#### [Stored dataset items]
/---
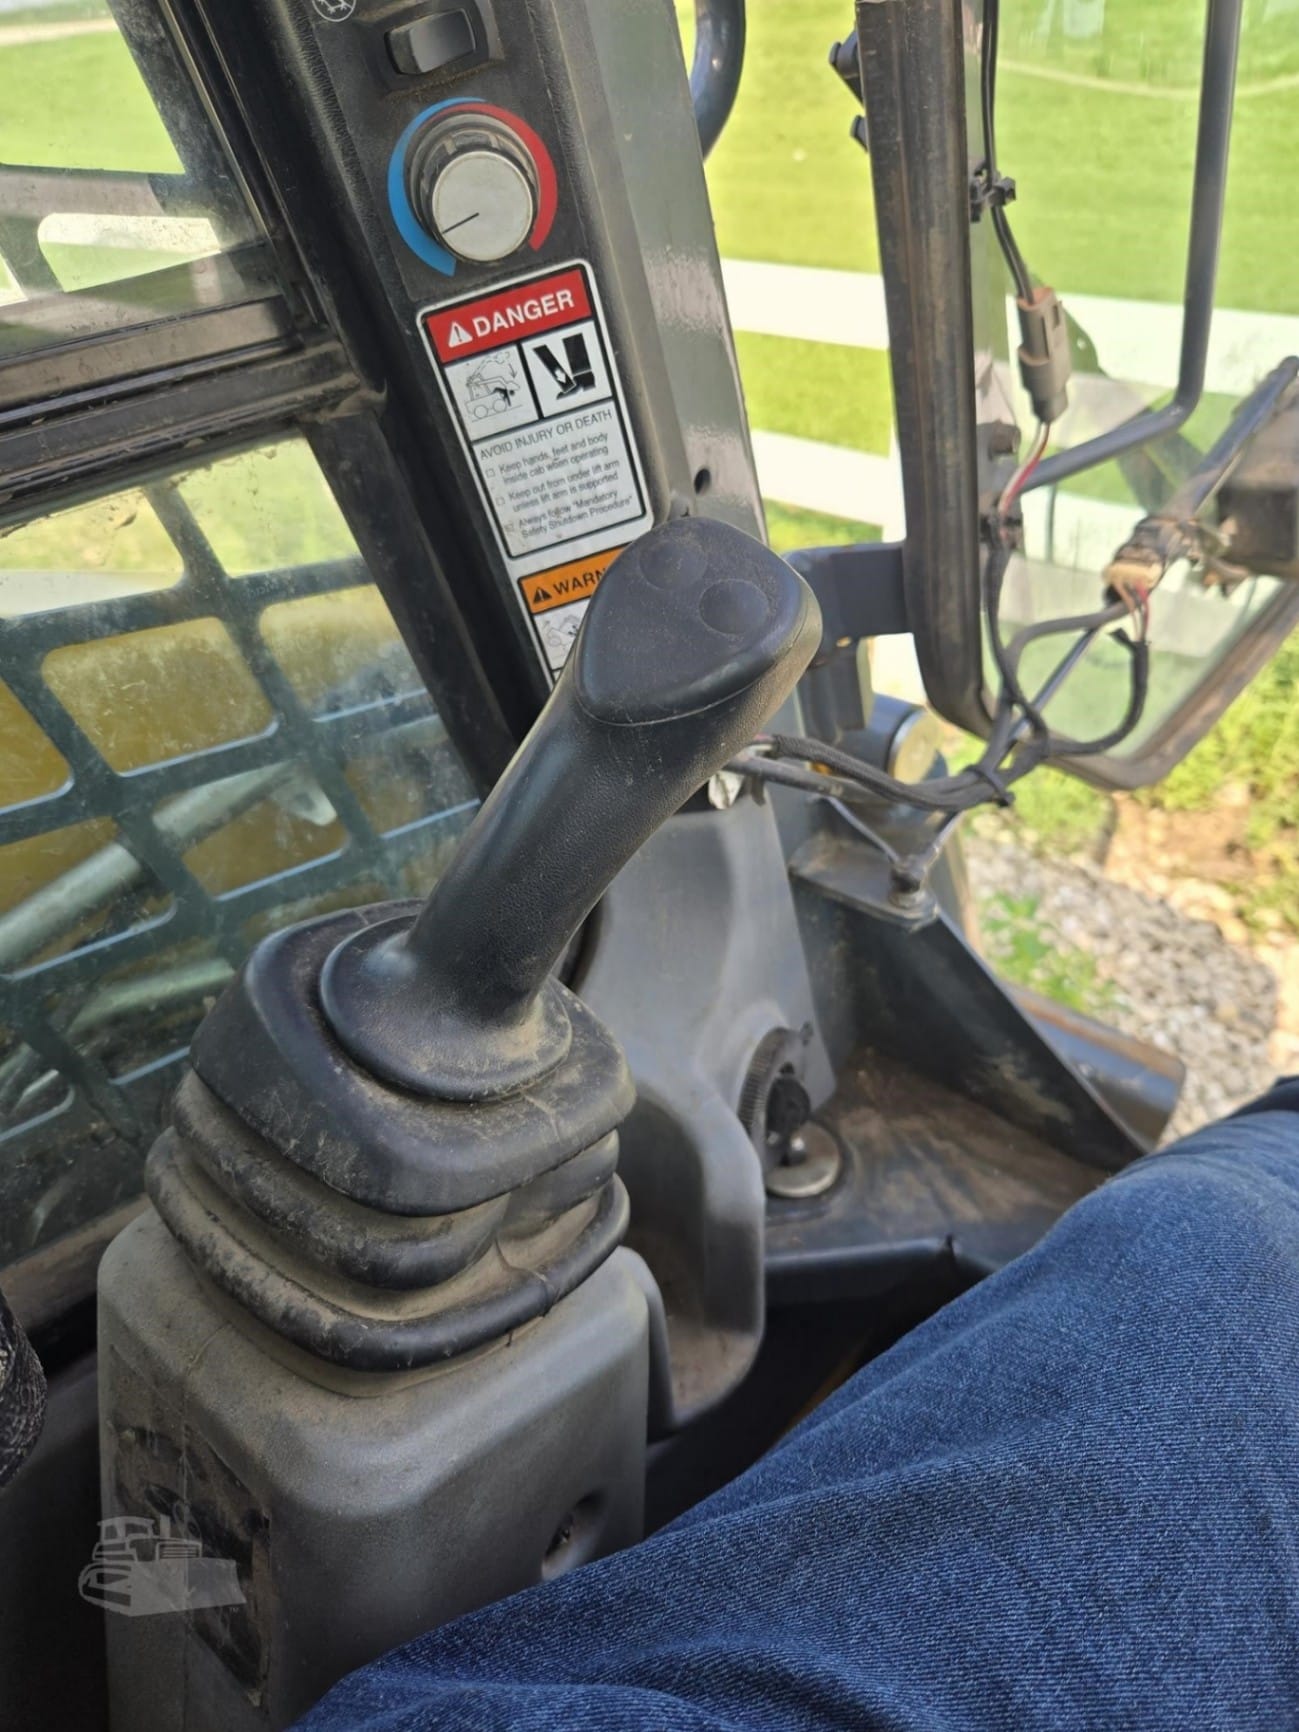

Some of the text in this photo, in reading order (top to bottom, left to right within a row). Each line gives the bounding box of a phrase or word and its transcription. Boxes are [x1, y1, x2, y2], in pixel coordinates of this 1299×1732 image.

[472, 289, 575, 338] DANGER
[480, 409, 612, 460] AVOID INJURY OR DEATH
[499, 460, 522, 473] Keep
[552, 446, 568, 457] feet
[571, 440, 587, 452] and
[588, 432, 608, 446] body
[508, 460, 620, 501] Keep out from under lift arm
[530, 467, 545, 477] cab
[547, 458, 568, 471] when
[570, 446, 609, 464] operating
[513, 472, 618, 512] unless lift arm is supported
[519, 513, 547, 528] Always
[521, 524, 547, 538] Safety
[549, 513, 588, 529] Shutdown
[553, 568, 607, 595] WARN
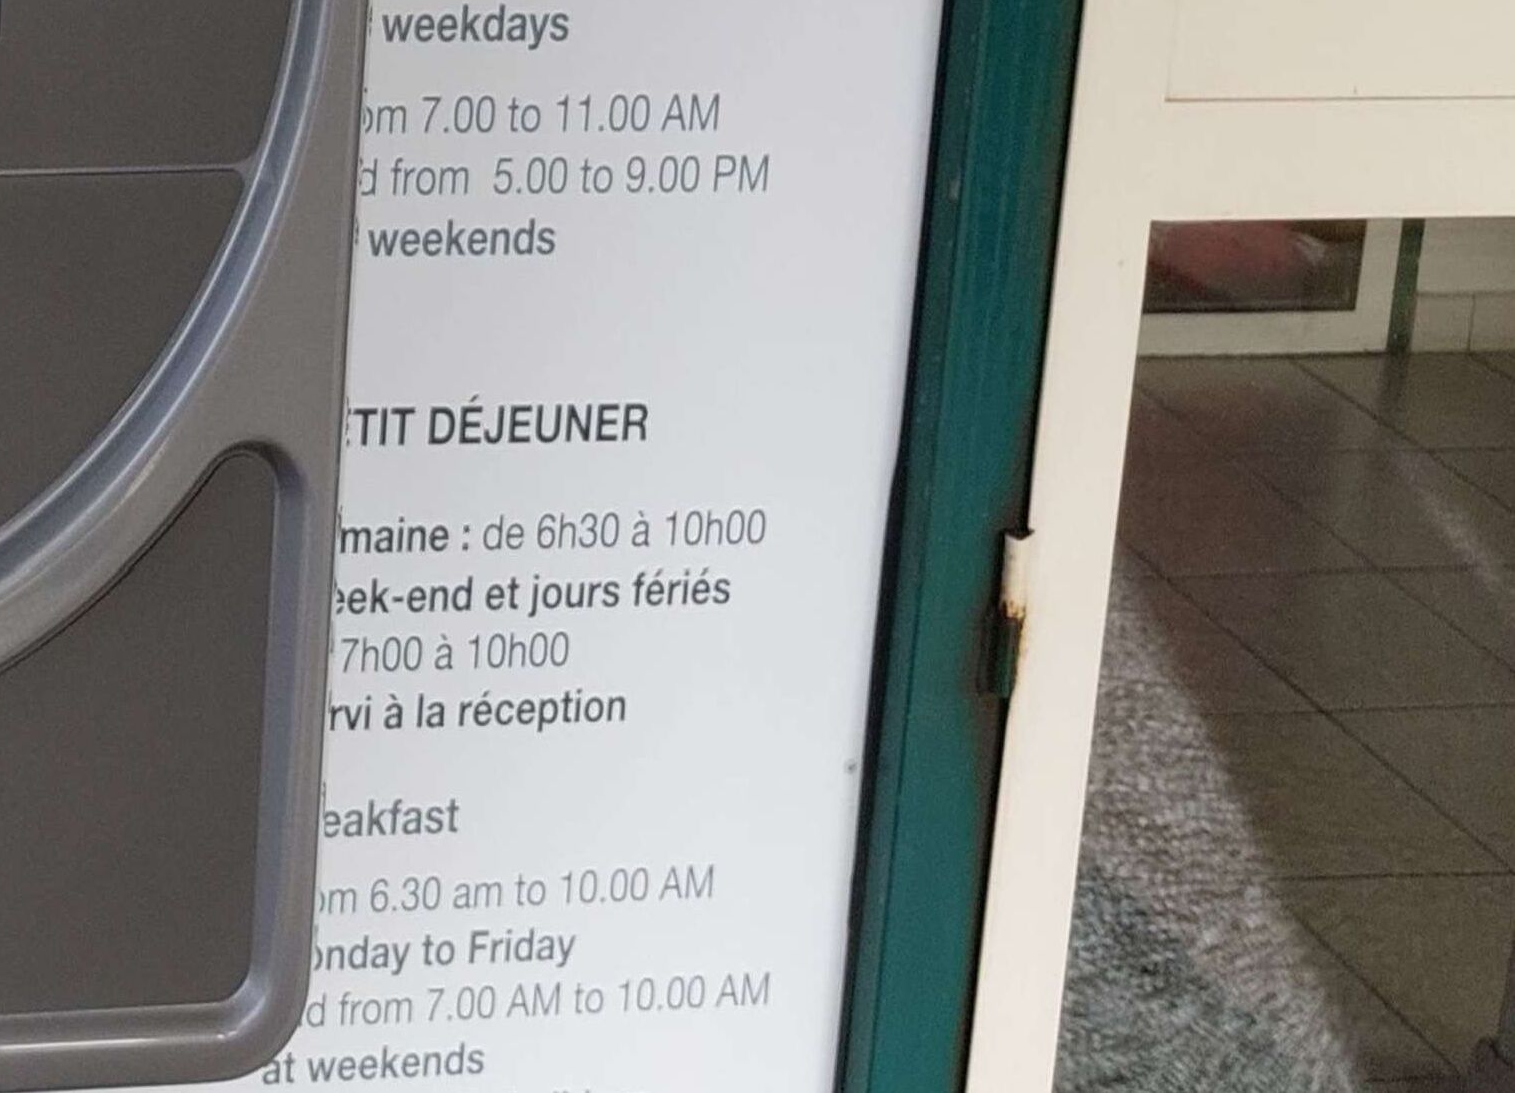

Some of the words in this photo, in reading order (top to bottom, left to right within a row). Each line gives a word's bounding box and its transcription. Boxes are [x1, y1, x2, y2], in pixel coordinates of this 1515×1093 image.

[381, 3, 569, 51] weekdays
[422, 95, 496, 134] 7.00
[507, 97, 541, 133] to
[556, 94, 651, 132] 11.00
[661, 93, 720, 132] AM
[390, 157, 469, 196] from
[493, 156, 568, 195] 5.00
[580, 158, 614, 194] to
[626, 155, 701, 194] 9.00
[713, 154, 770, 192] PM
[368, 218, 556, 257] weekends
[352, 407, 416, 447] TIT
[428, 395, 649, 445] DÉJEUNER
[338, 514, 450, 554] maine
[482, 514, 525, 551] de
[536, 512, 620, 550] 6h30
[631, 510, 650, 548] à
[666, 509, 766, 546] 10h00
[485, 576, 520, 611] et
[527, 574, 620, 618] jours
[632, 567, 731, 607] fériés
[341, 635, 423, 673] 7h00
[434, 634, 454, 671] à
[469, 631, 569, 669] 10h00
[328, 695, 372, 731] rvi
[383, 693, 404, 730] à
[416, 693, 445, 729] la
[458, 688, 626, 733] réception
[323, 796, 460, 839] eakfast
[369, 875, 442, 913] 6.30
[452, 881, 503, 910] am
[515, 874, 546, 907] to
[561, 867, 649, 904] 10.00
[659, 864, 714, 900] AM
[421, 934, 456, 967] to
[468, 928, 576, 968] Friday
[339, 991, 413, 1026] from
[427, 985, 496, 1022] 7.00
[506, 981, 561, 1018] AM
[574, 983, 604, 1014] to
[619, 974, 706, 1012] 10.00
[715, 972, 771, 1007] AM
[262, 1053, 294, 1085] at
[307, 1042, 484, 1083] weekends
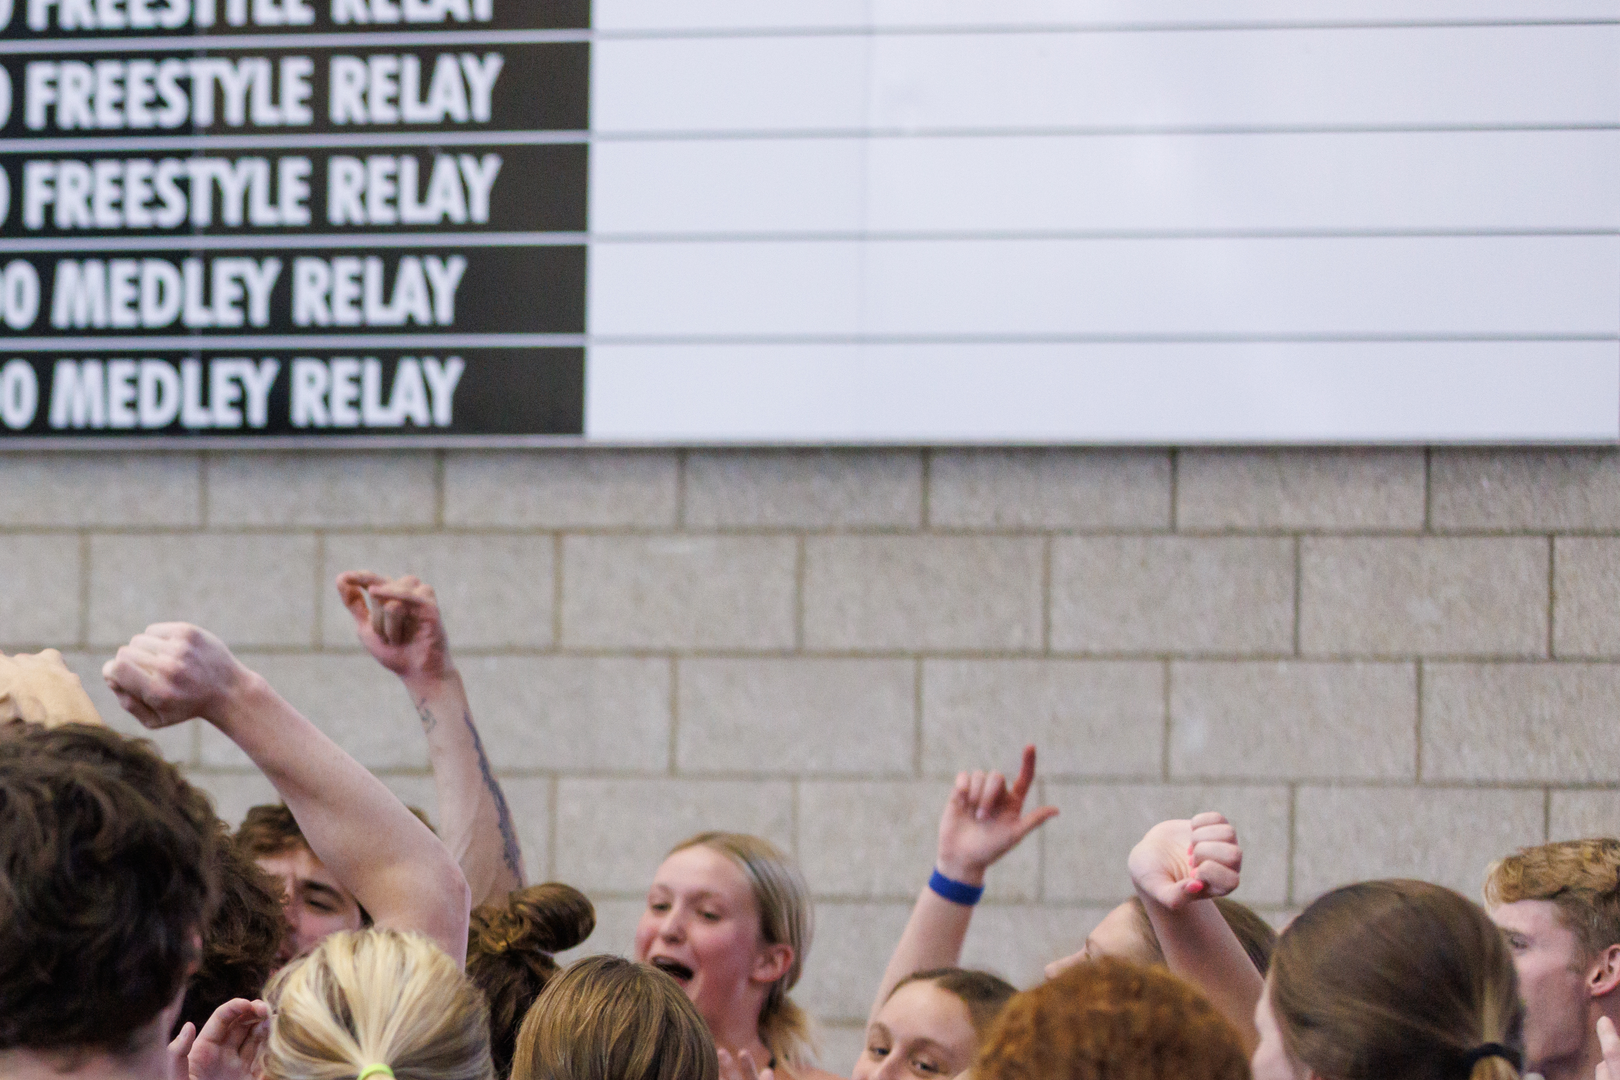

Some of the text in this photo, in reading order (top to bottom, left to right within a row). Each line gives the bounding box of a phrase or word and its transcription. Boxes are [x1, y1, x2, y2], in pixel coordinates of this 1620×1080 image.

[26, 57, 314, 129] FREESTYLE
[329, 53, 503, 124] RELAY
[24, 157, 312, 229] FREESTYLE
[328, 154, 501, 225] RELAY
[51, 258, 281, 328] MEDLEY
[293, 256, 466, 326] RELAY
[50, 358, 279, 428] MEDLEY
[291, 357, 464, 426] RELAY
\---
#### [Work task]
Give the records a second time exactly, keeping the images out.

#### [Solution]
Some of the text in this photo, in reading order (top to bottom, left to right within a row). Each line gives the bounding box of a phrase or word and its transcription. Boxes are [x1, y1, x2, y2], in pixel coordinates of this 1299×1732 image.

[472, 289, 575, 338] DANGER
[480, 409, 612, 460] AVOID INJURY OR DEATH
[499, 460, 522, 473] Keep
[552, 446, 568, 457] feet
[571, 440, 587, 452] and
[588, 432, 608, 446] body
[508, 460, 620, 501] Keep out from under lift arm
[530, 467, 545, 477] cab
[547, 458, 568, 471] when
[570, 446, 609, 464] operating
[513, 472, 618, 512] unless lift arm is supported
[519, 513, 547, 528] Always
[521, 524, 547, 538] Safety
[549, 513, 588, 529] Shutdown
[553, 568, 607, 595] WARN

Some of the words in this photo, in reading order (top to bottom, left to right within a row). Each line gives a word's bounding box and its transcription. Boxes are [x1, y1, x2, y2], in pixel coordinates of this 1515×1093 image.

[381, 3, 569, 51] weekdays
[422, 95, 496, 134] 7.00
[507, 97, 541, 133] to
[556, 94, 651, 132] 11.00
[661, 93, 720, 132] AM
[390, 157, 469, 196] from
[493, 156, 568, 195] 5.00
[580, 158, 614, 194] to
[626, 155, 701, 194] 9.00
[713, 154, 770, 192] PM
[368, 218, 556, 257] weekends
[352, 407, 416, 447] TIT
[428, 395, 649, 445] DÉJEUNER
[338, 514, 450, 554] maine
[482, 514, 525, 551] de
[536, 512, 620, 550] 6h30
[631, 510, 650, 548] à
[666, 509, 766, 546] 10h00
[485, 576, 520, 611] et
[527, 574, 620, 618] jours
[632, 567, 731, 607] fériés
[341, 635, 423, 673] 7h00
[434, 634, 454, 671] à
[469, 631, 569, 669] 10h00
[328, 695, 372, 731] rvi
[383, 693, 404, 730] à
[416, 693, 445, 729] la
[458, 688, 626, 733] réception
[323, 796, 460, 839] eakfast
[369, 875, 442, 913] 6.30
[452, 881, 503, 910] am
[515, 874, 546, 907] to
[561, 867, 649, 904] 10.00
[659, 864, 714, 900] AM
[421, 934, 456, 967] to
[468, 928, 576, 968] Friday
[339, 991, 413, 1026] from
[427, 985, 496, 1022] 7.00
[506, 981, 561, 1018] AM
[574, 983, 604, 1014] to
[619, 974, 706, 1012] 10.00
[715, 972, 771, 1007] AM
[262, 1053, 294, 1085] at
[307, 1042, 484, 1083] weekends

Some of the text in this photo, in reading order (top to bottom, left to right within a row). Each line gives the bounding box of a phrase or word and its transcription. Boxes are [x1, y1, x2, y2], in pixel coordinates of this 1620×1080 image.

[26, 57, 314, 129] FREESTYLE
[329, 53, 503, 124] RELAY
[24, 157, 312, 229] FREESTYLE
[328, 154, 501, 225] RELAY
[51, 258, 281, 328] MEDLEY
[293, 256, 466, 326] RELAY
[50, 358, 279, 428] MEDLEY
[291, 357, 464, 426] RELAY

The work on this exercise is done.